Study for the New Jersey Life Producer Exam. Prepare with flashcards, multiple-choice questions, and detailed explanations. Enhance your readiness and boost your confidence for the exam!

Practice this question and more.


Which feature distinguishes Universal Life insurance from other types of permanent insurance?

  1. Fixed premium rates

  2. Flexible premium payments

  3. Automatic premium loan

  4. No cash value accumulation

The correct answer is: Automatic premium loan

Universal Life insurance is primarily distinguished from other types of permanent insurance by its flexible premium payments. This feature allows policyholders to adjust their premium payments varying from year to year, as long as they meet the minimum required premium. This flexibility is beneficial for individuals whose financial situations may change, enabling them to increase or decrease their contributions based on their current resources and needs.
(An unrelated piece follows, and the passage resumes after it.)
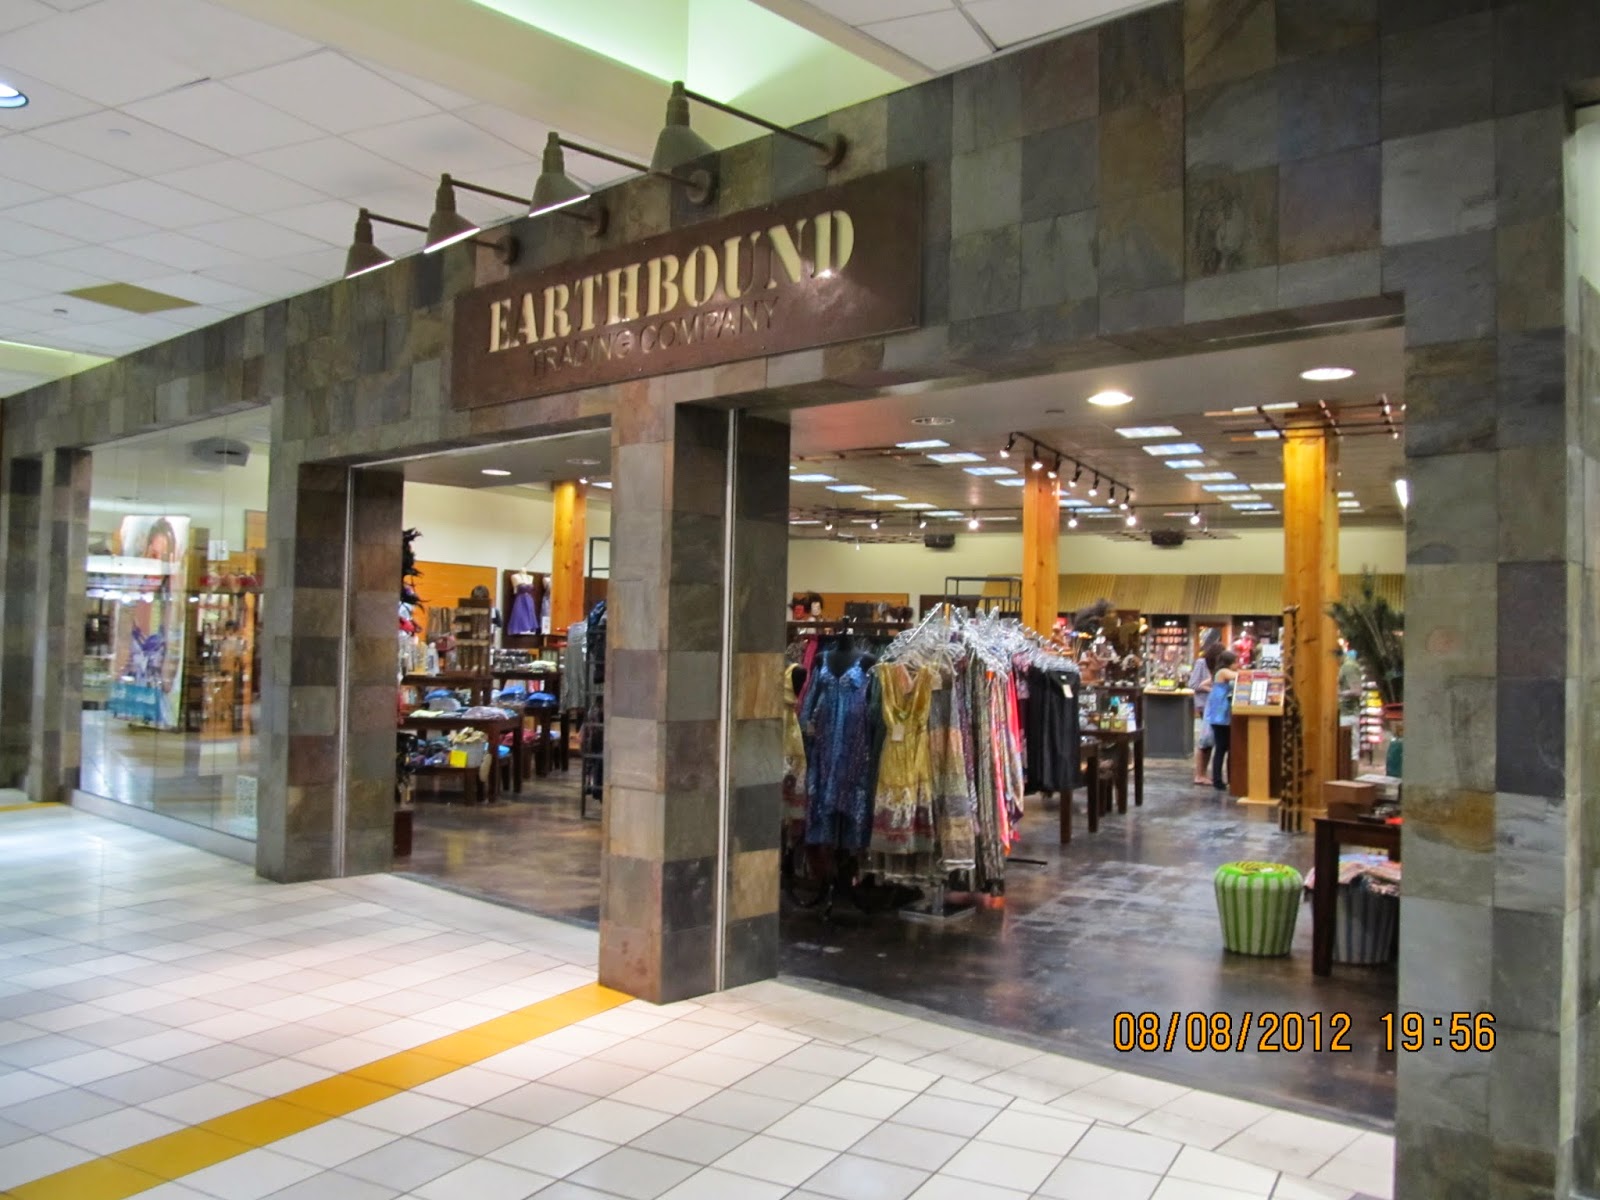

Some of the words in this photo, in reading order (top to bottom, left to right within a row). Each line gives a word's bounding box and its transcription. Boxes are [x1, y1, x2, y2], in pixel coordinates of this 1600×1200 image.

[488, 209, 855, 354] EARTHBOUND
[533, 329, 635, 377] TRADING
[639, 296, 780, 355] COMPANY
In comparison to other permanent insurance policies, such as whole life, which typically have fixed premiums, the flexibility in Universal Life allows it to adapt more closely to policyholders' financial capabilities and goals. Furthermore, while some policies may include automatic premium loans, this is not a defining feature of Universal Life; it is more characteristic of policies with a loan provision that allows the insurer to automatically deduct the premium from the cash value if it remains unpaid. The cash value accumulation aspect of Universal Life insurance also differs from typical life insurance in that it doesn’t offer a guaranteed cash value growth like whole life insurance does, but rather, the growth can vary based on the performance of selected interest rates or investments. Thus, the signature characteristic of Universal Life unfortunately distinguishes it primarily through the allowance for adaptable, flexible premium payments.